Exact reproduction of every record is required, and pictures are to be excluded.
----------------
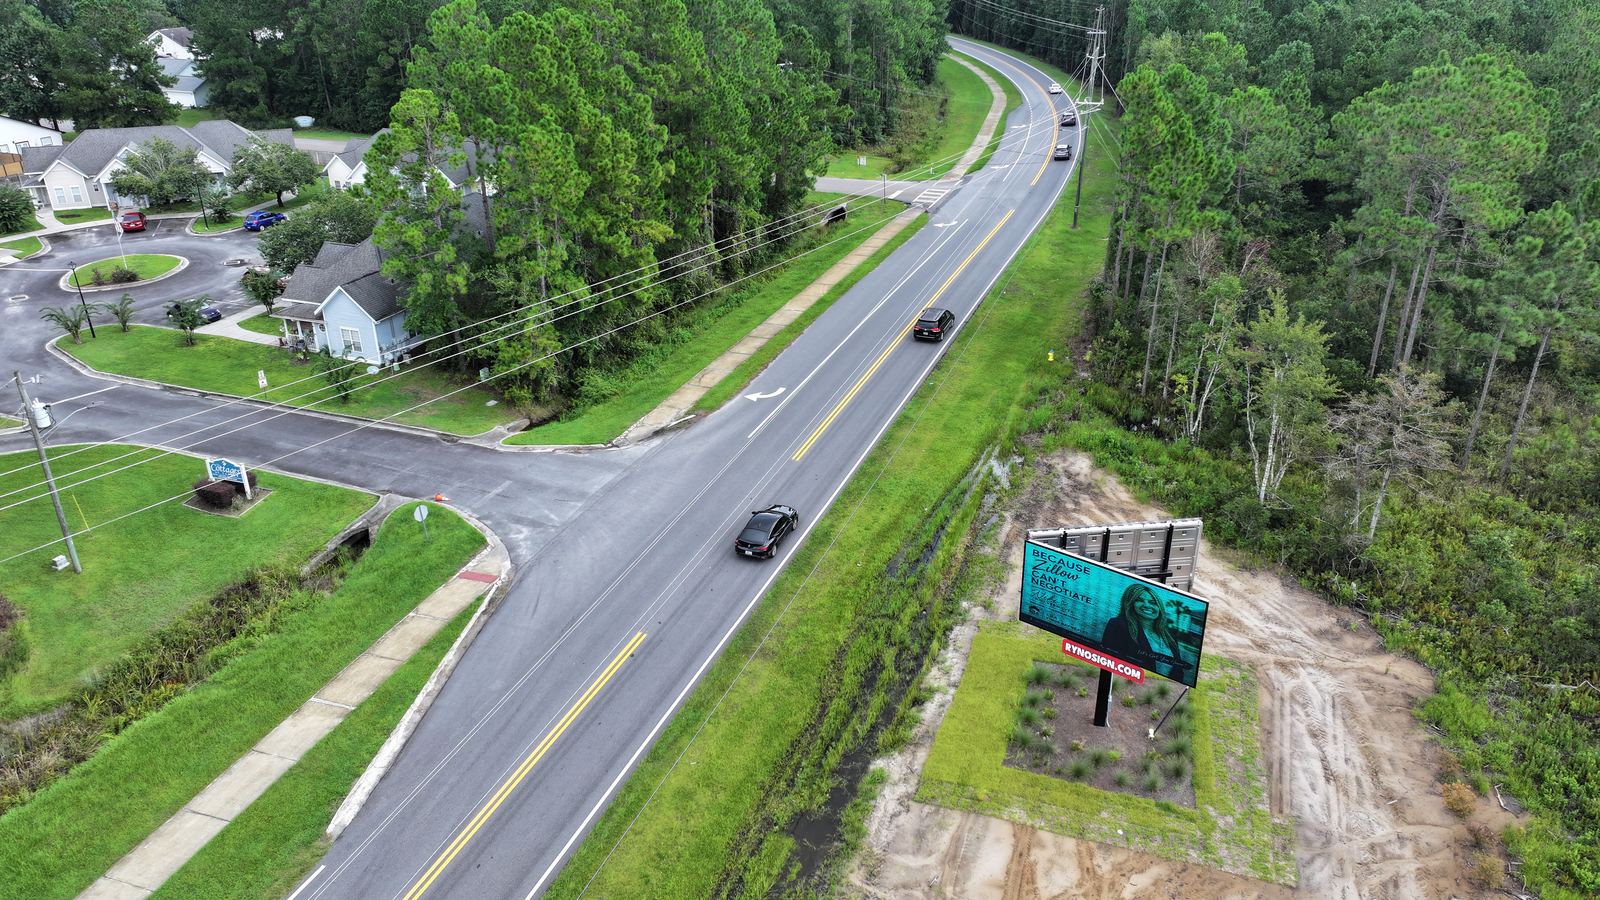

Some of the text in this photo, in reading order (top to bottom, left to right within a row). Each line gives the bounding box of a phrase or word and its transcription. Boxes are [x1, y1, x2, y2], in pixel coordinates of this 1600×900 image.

[1032, 549, 1091, 575] BECAUSE
[1032, 559, 1080, 581] Zillow
[1031, 570, 1067, 587] CAN'T
[1065, 642, 1141, 680] RYNOSIGN.COM
----------------
### Solution to the exercise
Some of the text in this photo, in reading order (top to bottom, left to right within a row). Each line gives the bounding box of a phrase or word and its transcription. Boxes are [x1, y1, x2, y2], in pixel coordinates of this 1600×900 image.

[1032, 549, 1091, 575] BECAUSE
[1032, 559, 1080, 581] Zillow
[1031, 570, 1067, 587] CAN'T
[1065, 642, 1141, 680] RYNOSIGN.COM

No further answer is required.